There can be some disadvantages to hand and wrist surgery:

  • Replacement joints, for example new knuckle joints, aren’t as hard-wearing or long-lasting as natural joints.
  • You'll have scars at the site of the cut (incision).
  • Some operations reduce joint movement.
  • There are possible complications of surgery, for example swelling, stiffness or infection.
  • Occasionally small nerves around the incision can be damaged, leading to patches of numbness.


If you’re generally healthy the risk of a serious complication from an operation is very small. Every possible care is taken to prevent complications, but in a few cases these do happen. For example, some people can develop an infection, so it’s important to speak to your doctor straight away for antibiotic treatment if you notice any signs, including:

  • increased pain
  • redness
  • the affected area feeling warmer than usual
  • an unpleasant smell

Some people may have swelling and stiffness, but physiotherapistsoccupational therapists and hand therapists can help with exercises and other advice.

Bleeding and wound haematoma

A wound haematoma is when blood collects in a wound. It’s normal to have a small amount of blood leak from the wound after any surgery, and usually this stops within a couple of days. But occasionally blood may collect under your skin, causing a swelling. This can cause a larger but temporary leakage from the wound usually a week or so after surgery, or it may require a smaller second operation to remove the blood collection. Drugs like aspirin and antibiotics can increase the risk of haematoma after surgery.

Preparing for surgery

Before the operation you’ll be asked to sign a consent form, which gives your surgeon permission to carry out the treatment. It’s important to ask any questions you may still have at this stage. Ask your doctor, nurse or therapist to explain anything you don’t understand. You should also discuss with your surgeon, anaesthetist or nurse at the pre-admission clinic whether you should stop taking any of your medications or make any changes to the dosage or timings before you have your surgery. Different units may have different advice.

A doctor or nurse will check your general health to make sure there won’t be problems with a general anaesthetic if this is being used.

Read more about types of anaesthetic.

You should have a dental check-up and get any problems dealt with well before your operation. There’s a risk of infection if bacteria from dental problems get into the bloodstream.

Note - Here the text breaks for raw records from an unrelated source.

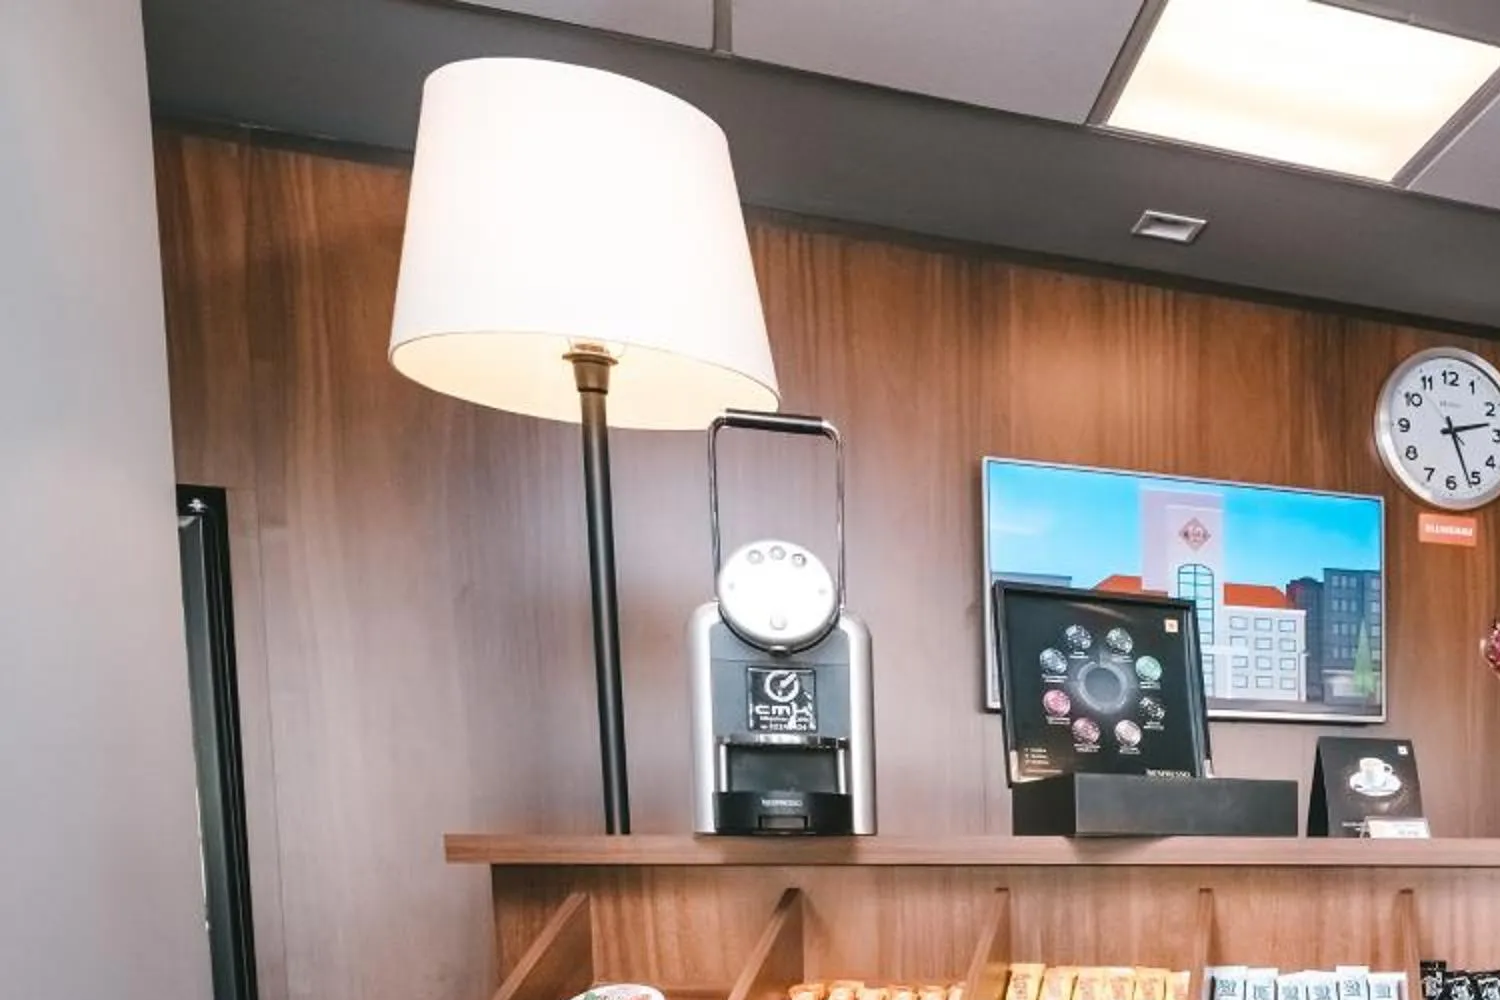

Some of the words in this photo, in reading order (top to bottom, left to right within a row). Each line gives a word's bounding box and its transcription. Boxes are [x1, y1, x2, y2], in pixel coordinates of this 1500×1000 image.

[1421, 375, 1433, 391] 11
[1441, 370, 1459, 387] 12
[1468, 380, 1475, 395] 1
[1404, 392, 1422, 407] 10
[1484, 403, 1495, 417] 2
[1398, 418, 1410, 432] 9
[1405, 446, 1418, 460] 8
[1485, 455, 1496, 469] 4
[1424, 467, 1435, 482] 7
[1471, 471, 1481, 485] 5
[1446, 476, 1456, 490] 6

You may need to wear splints after the operation, which can make everyday tasks difficult. It’s a good idea to make preparations before the operation. Simple things like choosing clothes with wide arms, stocking up your freezer or arranging to have some help in your home will all make it easier to manage one-handed. It’s a good idea to arrange help with transport, as you’ll probably have to attend hospital regularly to see your doctor or therapist. Your occupational therapist will be able to advise you before your operation if you have any concerns about coping at home afterwards.


This will depend on the type of operation and your general health. Ask your surgeon what you should expect after the operation. Planning ahead can make it easier to manage when you return home.

Different surgeons have different ideas about the treatment required after an operation. This is affected by the type of operation and your health. You may need to wear splints to protect the healing tissues and bone, but you should discuss with your surgeon what to expect after the operation. Your nurse, occupational therapistphysiotherapist or hand therapist will be able to offer support.

After you’ve been discharged from hospital an appointment will be made for you to come in as an outpatient to check your progress. Sometimes your GP will help with this aftercare. A district nurse or practice nurse may be asked to remove stitches and change dressings.

If you stopped taking any of your regular drugs or had to alter the dose before the operation, it’s very important to talk to your rheumatologist for advice on when you should restart your medication.